→ **Task instructions**: Without altering a word, return the records below, but exclude the pictures.

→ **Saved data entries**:
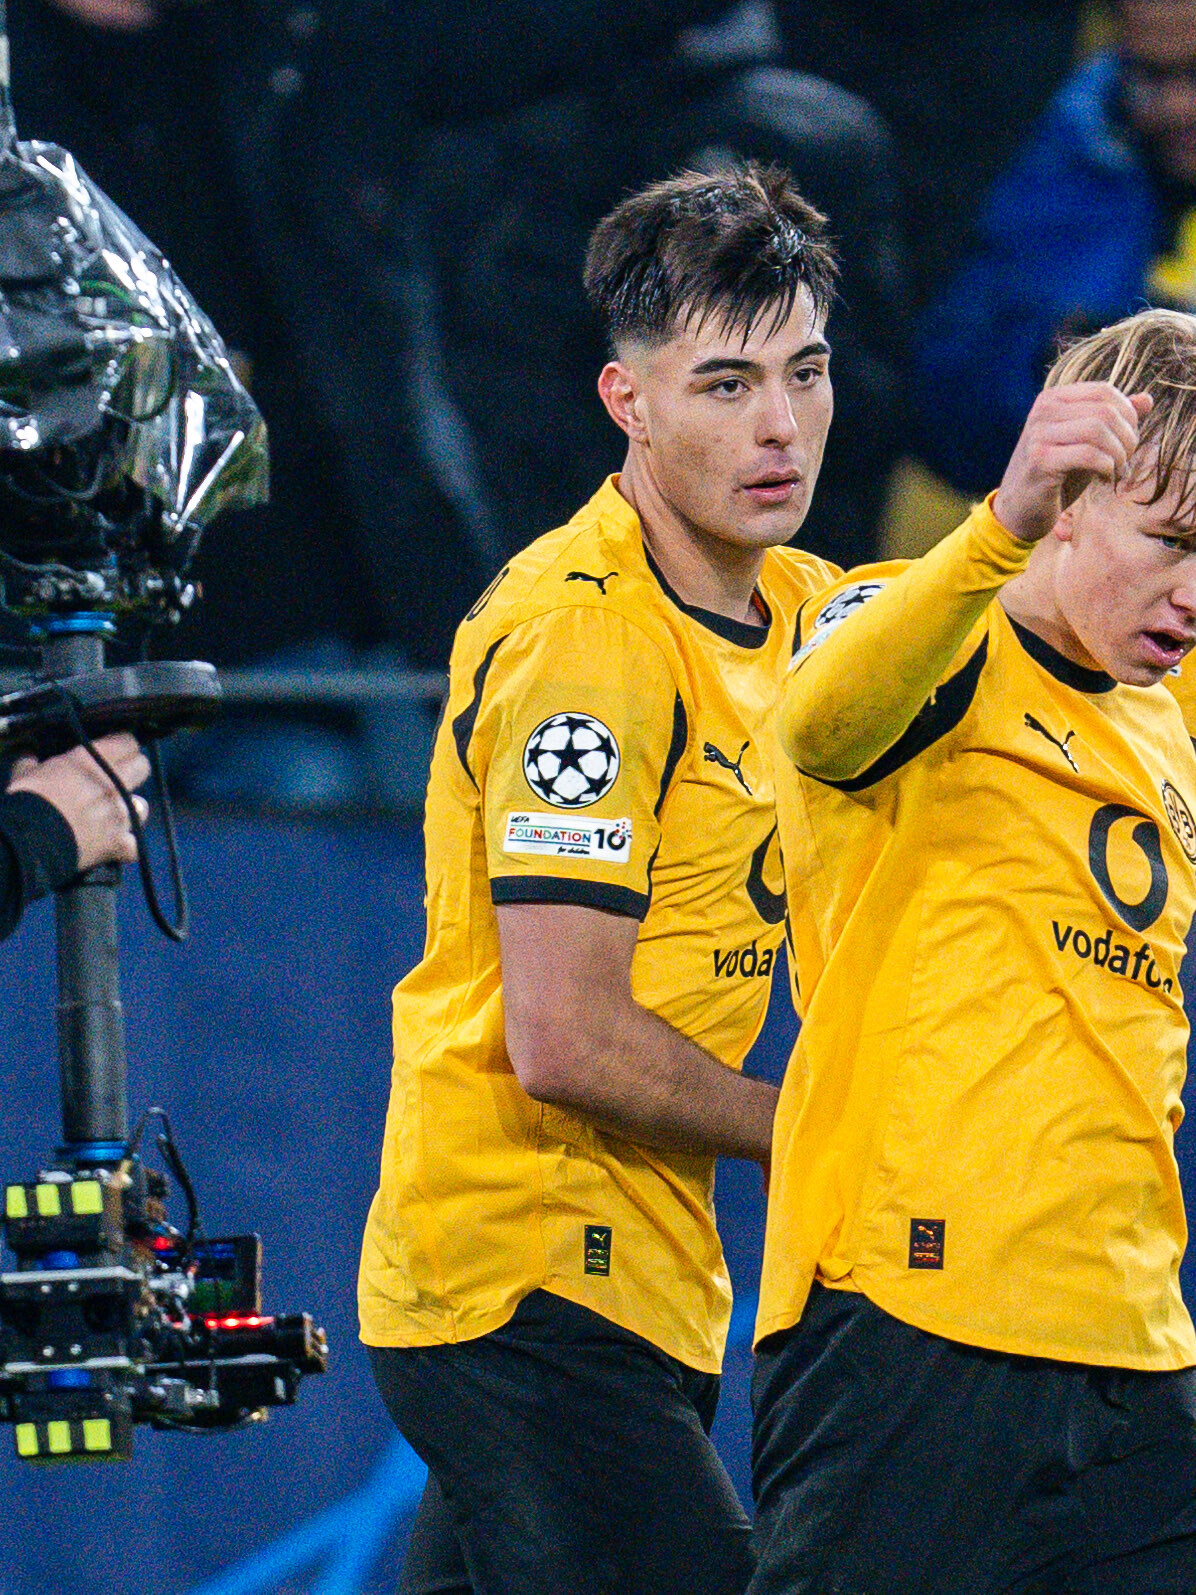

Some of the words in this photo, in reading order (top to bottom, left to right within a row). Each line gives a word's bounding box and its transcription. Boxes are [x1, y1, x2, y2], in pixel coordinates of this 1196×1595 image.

[510, 815, 530, 823] UEFA
[508, 827, 592, 844] FOUNDATION
[594, 827, 627, 851] 10
[713, 939, 775, 978] voda

→ **Expected output**:
Some of the words in this photo, in reading order (top to bottom, left to right within a row). Each line gives a word's bounding box and its transcription. Boxes are [x1, y1, x2, y2], in pixel coordinates of this 1196×1595 image.

[510, 815, 530, 823] UEFA
[508, 827, 592, 844] FOUNDATION
[594, 827, 627, 851] 10
[713, 939, 775, 978] voda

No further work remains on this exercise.